The first explanation for the existence of imprinting was as a mechanism to prevent the full-term development of parthenogenetic embryos. This explanation was never satisfactory because it did not account for the intricate control of imprinting at multiple well-bounded loci. An alternative hypothesis put forward by Haig and his colleagues is based on a tug of war between the sexes (Haig and Graham, 1991; Moore and Haig, 1991). According to this hypothesis, it is in the interest of a male to attempt to recover more maternal resources for his developing offspring in relation to offspring in the same mother that were sired by other males. This can be accomplished with a paternal imprint that down-regulates the expression of genes that normally act to slow down the growth of embryos. As a consequence, embryos that are sired by these males will grow more rapidly than half-siblings sired by other males. Although overgrowth may be beneficial to these offspring, it extracts a heavy reproductive cost from the mother. Consequently, it is in the interest of the mother to counteract this increased level of growth. She can do this with an imprint that down-regulates the relevant growth factor genes themselves. The evolutionary endpoint of this tug of war is the current day situation where genes that act to increase embryonic growth (such as Igf2) have inactivated maternal alleles, and genes that act to limit growth (such as Igf2r) have inactivated paternal alleles.
The only other currently viable hypothesis to explain imprinting is that it results from the accidental, ectopic use of machinery that has evolved for the really important imprinting associated with X chromosome inactivation. According to this hypothesis, autosomal imprinting is a red herring whose study is unlikely to provide information of significance to an understanding of developmental genetics. The major strike against this hypothesis is dealt by selectionists who would contend that genetic accidents of this magnitude just do not happen and there must be something peculiar about mammals that has promoted the evolution of imprinting. In support of the selectionist view is the recent demonstration of mono-allelic expression of the H19 gene in humans (Zhang and Tycko, 1992). Conservation of imprinting during the evolution of both humans and mice from a common ancestor strongly suggests the existence of selective forces. Nevertheless, it is still possible that the Haig hypothesis is not entirely correct and that other reasons for imprinting lie hidden beneath the surface waiting to be uncovered.
The question "how does it happen?" can be easily separated from the question "why does it happen?". However, here again, our understanding is still quite rudimentary.
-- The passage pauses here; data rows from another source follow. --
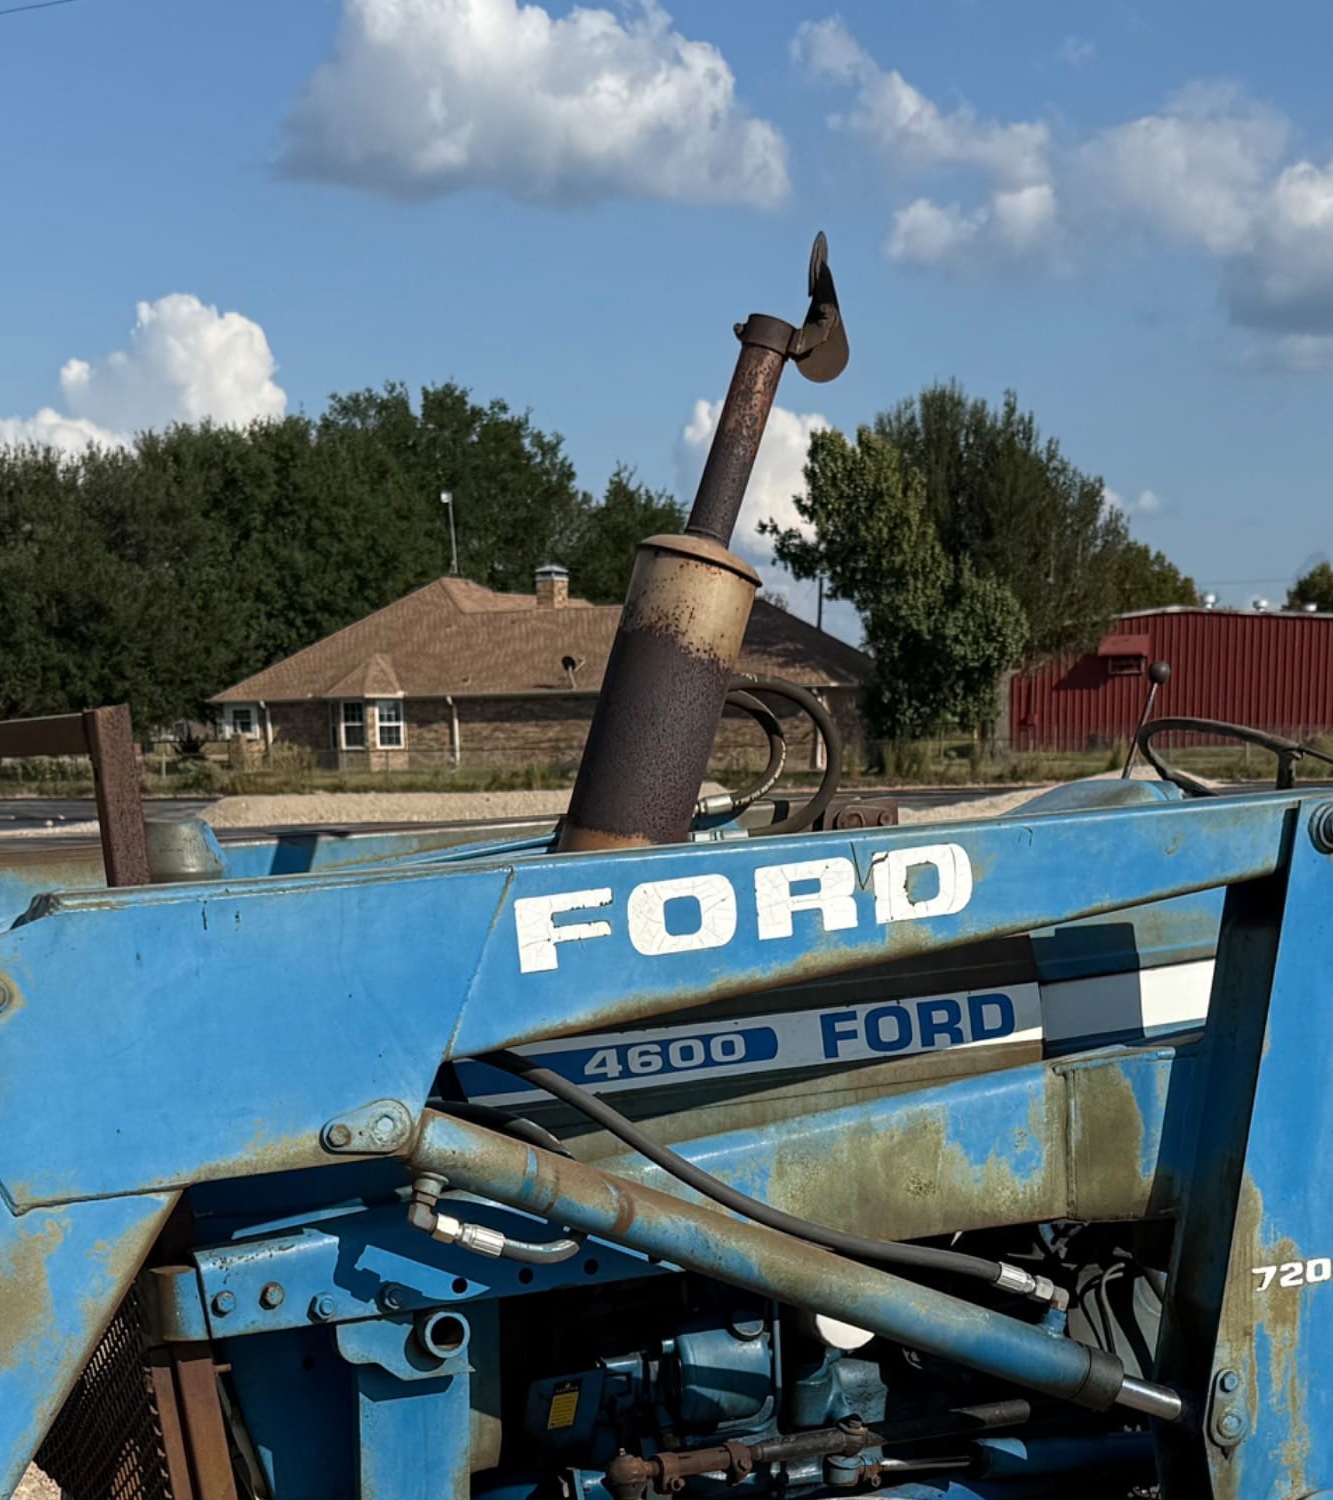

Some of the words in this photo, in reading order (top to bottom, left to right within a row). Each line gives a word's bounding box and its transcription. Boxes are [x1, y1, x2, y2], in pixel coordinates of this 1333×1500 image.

[515, 841, 973, 973] FORD
[582, 1031, 747, 1079] 4600
[820, 992, 1016, 1059] FORD
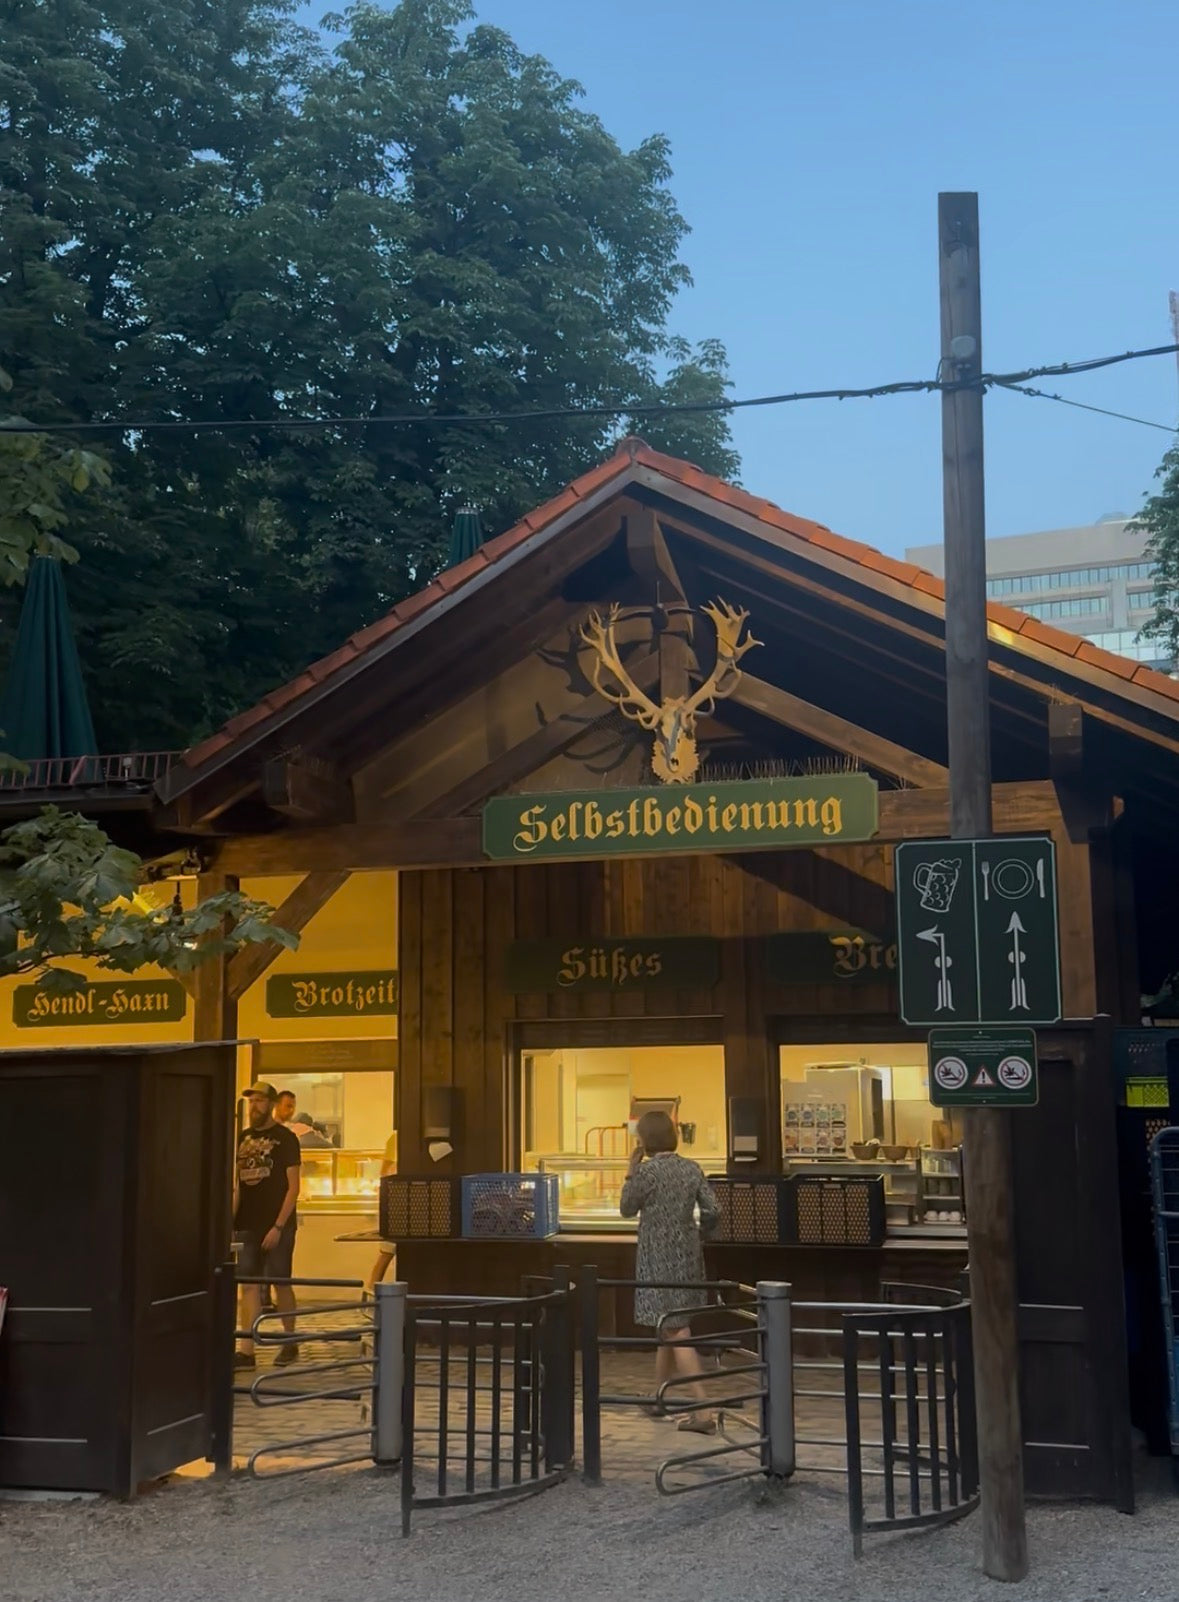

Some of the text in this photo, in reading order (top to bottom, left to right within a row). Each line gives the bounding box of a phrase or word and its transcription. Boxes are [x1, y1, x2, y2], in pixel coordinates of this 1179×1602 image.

[512, 793, 843, 852] Selbstbedienung
[556, 947, 663, 986] Süßes
[291, 978, 397, 1012] Brotzeit
Figure 5.8 illustrates in a very general way the essential requirements of a paternal imprinting system. Both parents have one imprinted allele (derived from their fathers) and one active allele (derived from their mothers). During oogenesis, the imprint must be erased so that all eggs will contain equivalent alleles that can become activated in all offspring. In contrast, at the completion of spermatogenesis in the father, all sperm will contain alleles that are "marked" for imprinting. It is possible that the mark present on one of the father's alleles is erased and both copies are marked de novo in all spermatogenic cells, or the one imprinted copy may retain its mark, with de novo marking applied only at the second copy. In either case, the new embryo will receive one "marked" gene from the father and one non-marked gene from the mother.
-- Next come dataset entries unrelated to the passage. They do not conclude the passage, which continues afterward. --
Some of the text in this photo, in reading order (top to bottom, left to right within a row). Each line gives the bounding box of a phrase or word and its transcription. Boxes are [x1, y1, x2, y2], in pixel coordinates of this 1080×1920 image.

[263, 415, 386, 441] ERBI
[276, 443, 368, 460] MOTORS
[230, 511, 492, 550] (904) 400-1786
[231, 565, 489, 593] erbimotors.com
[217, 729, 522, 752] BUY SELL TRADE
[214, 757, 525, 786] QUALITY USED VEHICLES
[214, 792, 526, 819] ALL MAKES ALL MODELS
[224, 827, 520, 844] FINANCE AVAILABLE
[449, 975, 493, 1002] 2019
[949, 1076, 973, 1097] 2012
The "mark" may itself be replicated faithfully along with its homolog, and the "mark" may itself be responsible for the actual repression of gene activity. On the other hand, the "mark" may simply identify the paternal allele so that a separate imprinting machinery that acts to prevent gene repression can be laid down within the developing embryo. If there is a separate imprinting machinery, either it or the "mark" could be replicated along with the paternal homolog to maintain the imprint through each cell division.
It is still the case in 1993 that the nature of both the mark and the imprinting machinery (if it exists as a separate entity) are entirely unknown. Both could presumably entail direct chemical modifications of DNA and/or specific protein components (that might lead to changes in the local chromatin configuration). In addition, the specific DNA sequences that must be recognized by the gametogenic marker are also unknown at this time.